Sul fronte della redditività, le neobanks sono ancora in rosso, anche se in marginale miglioramento (ROE al -13,9%, appena +0,1% sul 2019). “Per esse – si legge nello studio di Piazzetta Cuccia – il raggiungimento del breakeven è legato all’incremento sia della customer base che del ventaglio di servizi offerti (tramite accordi con altri operatori o grazie all’ottenimento della licenza bancaria piena), con lo sviluppo dimensionale che può quindi agire da ulteriore game changer”. Anche a livello di stato patrimoniale le neobank hanno segnato una maggiore effervescenza, con una crescita dei crediti v/clienti del 21% e del totale attivo del 39,5%, a fronte di una sostanziale stabilità delle traditional (crediti +0,1% e totale attivo +4,5%).

Per le neobanks l’incidenza dei finanziamenti alla clientela sul totale attivo nel 2020 era pari al 52,4% rispetto al 75,3% delle traditional, “segno di un’attività di lending ancora non sviluppata appieno, che si riflette in una limitata diversificazione delle fonti di ricavo”.

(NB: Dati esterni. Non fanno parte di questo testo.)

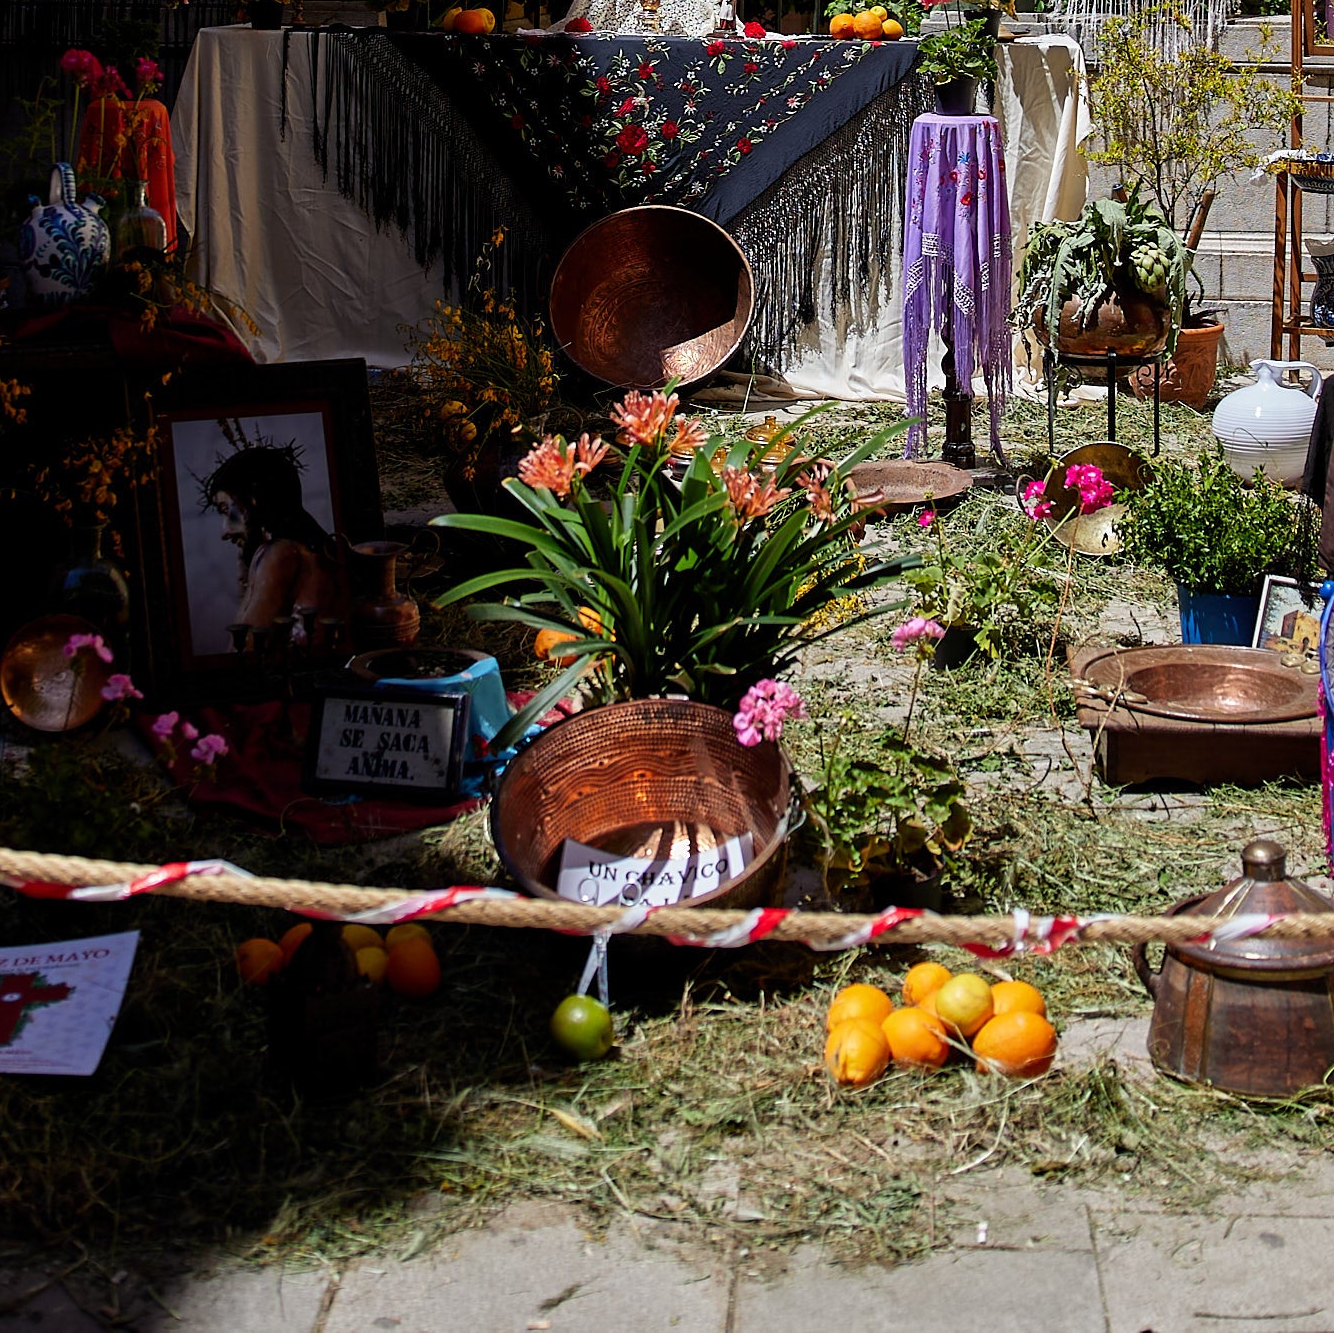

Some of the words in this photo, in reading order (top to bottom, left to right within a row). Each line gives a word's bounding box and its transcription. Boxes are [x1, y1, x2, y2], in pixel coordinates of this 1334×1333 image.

Inoltre, più bassi valori pro-capite di ricavi e di totale attivo sono realizzati dalle neobanks con, rispettivamente, 151,3 mila euro (a fronte di 194,1 mila medi) e 5.859 mila euro (contro i €9.746 mila medi); i valori massimi spettano invece alle subsidiaries che, attraverso una struttura comunque snella, riescono a intercettare parte dell’operatività online della clientela dei gruppi di appartenenza.

Passando ai singoli operatori, quattro neobanks hanno cumulato circa 580 milioni di perdite nel 2020: si tratta delle inglesi Revolut (-245,2 milioni), Monzo (-154,4 mln) e Starling Bank (-27,8 mln) e della tedesca N26 (-150,7 milioni). Le performance di queste challenger risentono degli investimenti e degli oneri scaturiti dal lancio delle attività negli Stati Uniti; i loro ricavi sono cresciuti del 23,7% rispetto al 2019.

I conteggi per i primi sei mesi dell’anno in corso risultano “ancora spumeggianti”, in rialzo dell’82,3% su base tendenziale, sebbene in parziale raffreddamento. Particolarmente vivaci all’inizio del 2022 sono risultate la francese Qonto e le britanniche Monzo e Clear Bank che hanno complessivamente raccolto 1,1 miliardi, pari al 60,5% delle operazioni realizzate nel semestre.